Queen Mary Journal of Intellectual Property Law
- Discipline: Intellectual property law, industrial property law, patent law, trade mark law, design law, copyright law
- Language: English
- Edited by: Professor Johanna Gibson, Lord Hoffmann

Publication details
- History: 2011–present
- Publisher: Edward Elgar Publishing on behalf of the Queen Mary Intellectual Property Research Institute (United Kingdom)
- Frequency: 4/year

Standard abbreviations
- ISO 4: Queen Mary J. Intellect. Prop.

Indexing
- ISSN: 2045-9807 (print) 2045-9815 (web)
- LCCN: 2012205385
- OCLC no.: 847747447

Links
- Journal homepage; Journal page at publisher's website;

= Queen Mary Journal of Intellectual Property =

The Queen Mary Journal of Intellectual Property (QMJIP) is a quarterly double-blind peer-reviewed academic journal, that publishes articles as well as analysis pieces and case reports about intellectual property matters. The journal has been published by Edward Elgar Publishing since April 2011, according to which "[i]t is the only IP journal with an Impact Factor included in the Social Sciences Citation Index".

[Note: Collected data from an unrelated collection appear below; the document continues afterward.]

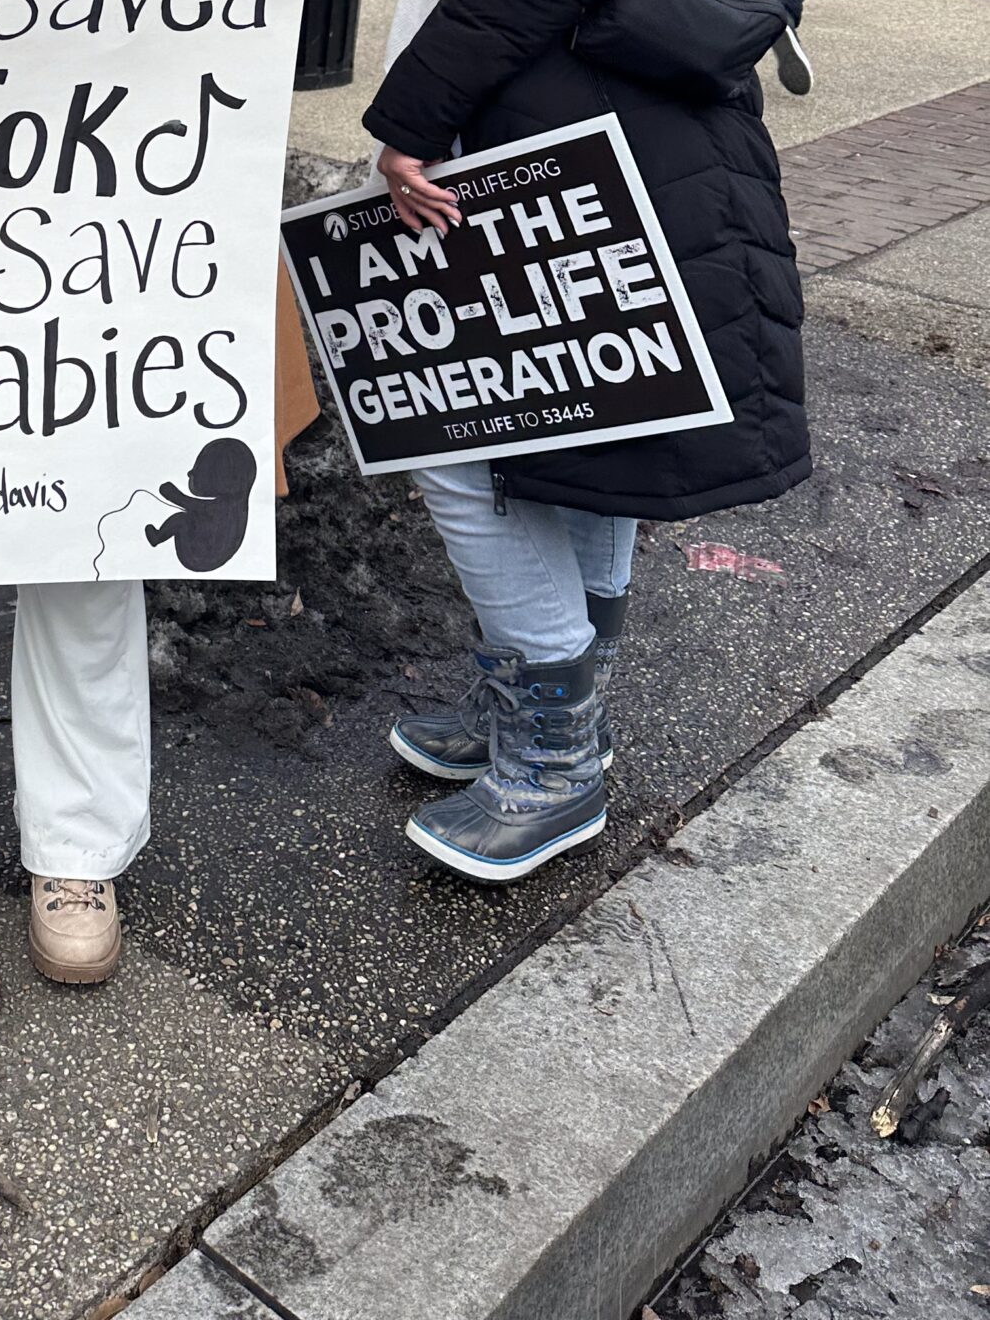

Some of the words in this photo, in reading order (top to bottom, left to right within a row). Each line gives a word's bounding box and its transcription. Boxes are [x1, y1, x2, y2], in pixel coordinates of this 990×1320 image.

[309, 256, 332, 297] I
[359, 226, 449, 288] AM
[467, 183, 612, 256] THE
[314, 237, 668, 369] PRO-LIFE
[349, 322, 682, 424] GENERATION
[443, 420, 478, 440] TEXT
[481, 415, 515, 434] LIFE
[515, 412, 539, 429] TO
[542, 402, 595, 425] 53445
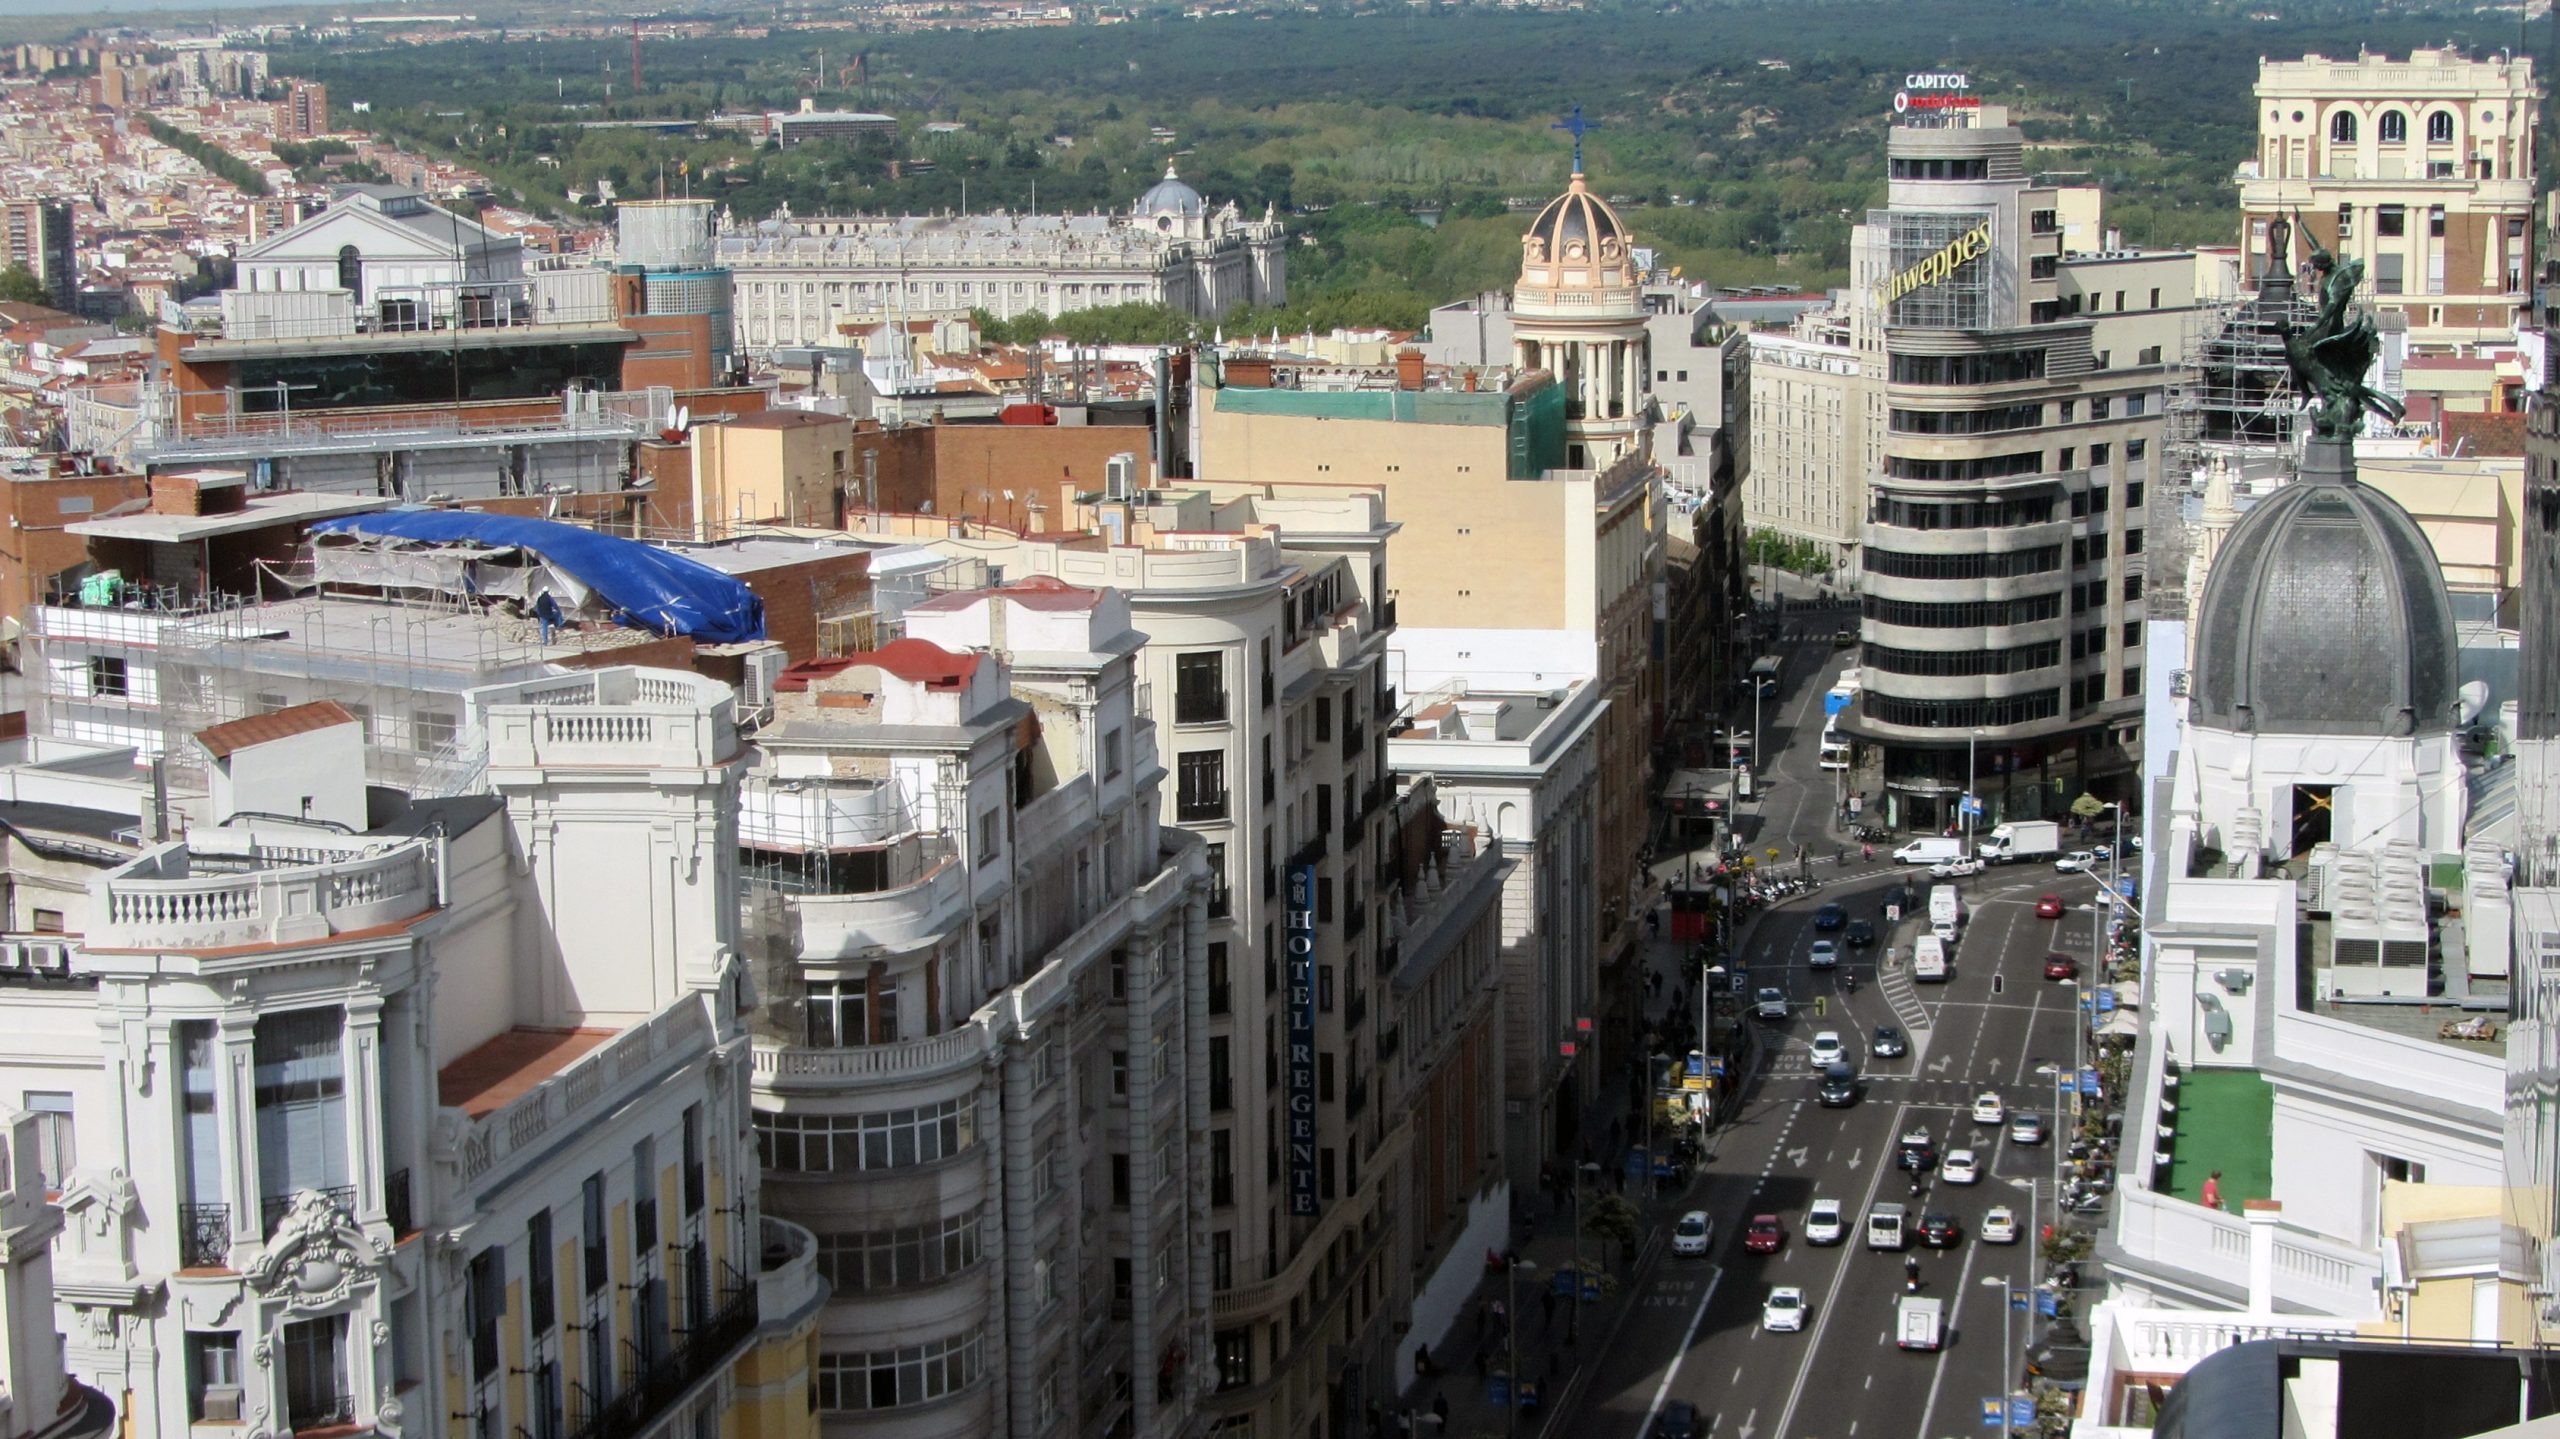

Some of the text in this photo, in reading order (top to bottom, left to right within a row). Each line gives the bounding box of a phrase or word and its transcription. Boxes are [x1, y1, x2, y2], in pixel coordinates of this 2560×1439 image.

[1905, 74, 1969, 89] CAPITOL
[1287, 910, 1312, 1030] HOTEL
[1290, 1044, 1313, 1213] REGENTE

QMJIP is overseen by Professor Johanna Gibson (Herchel Smith Professor of Intellectual Property Law and Director of the Queen Mary Intellectual Property Research Institute (QMIPRI) and Lord Hoffmann (former judge of the House of Lords and Honorary Professor of Intellectual Property Law, Centre for Commercial Law Studies, Queen Mary University of London).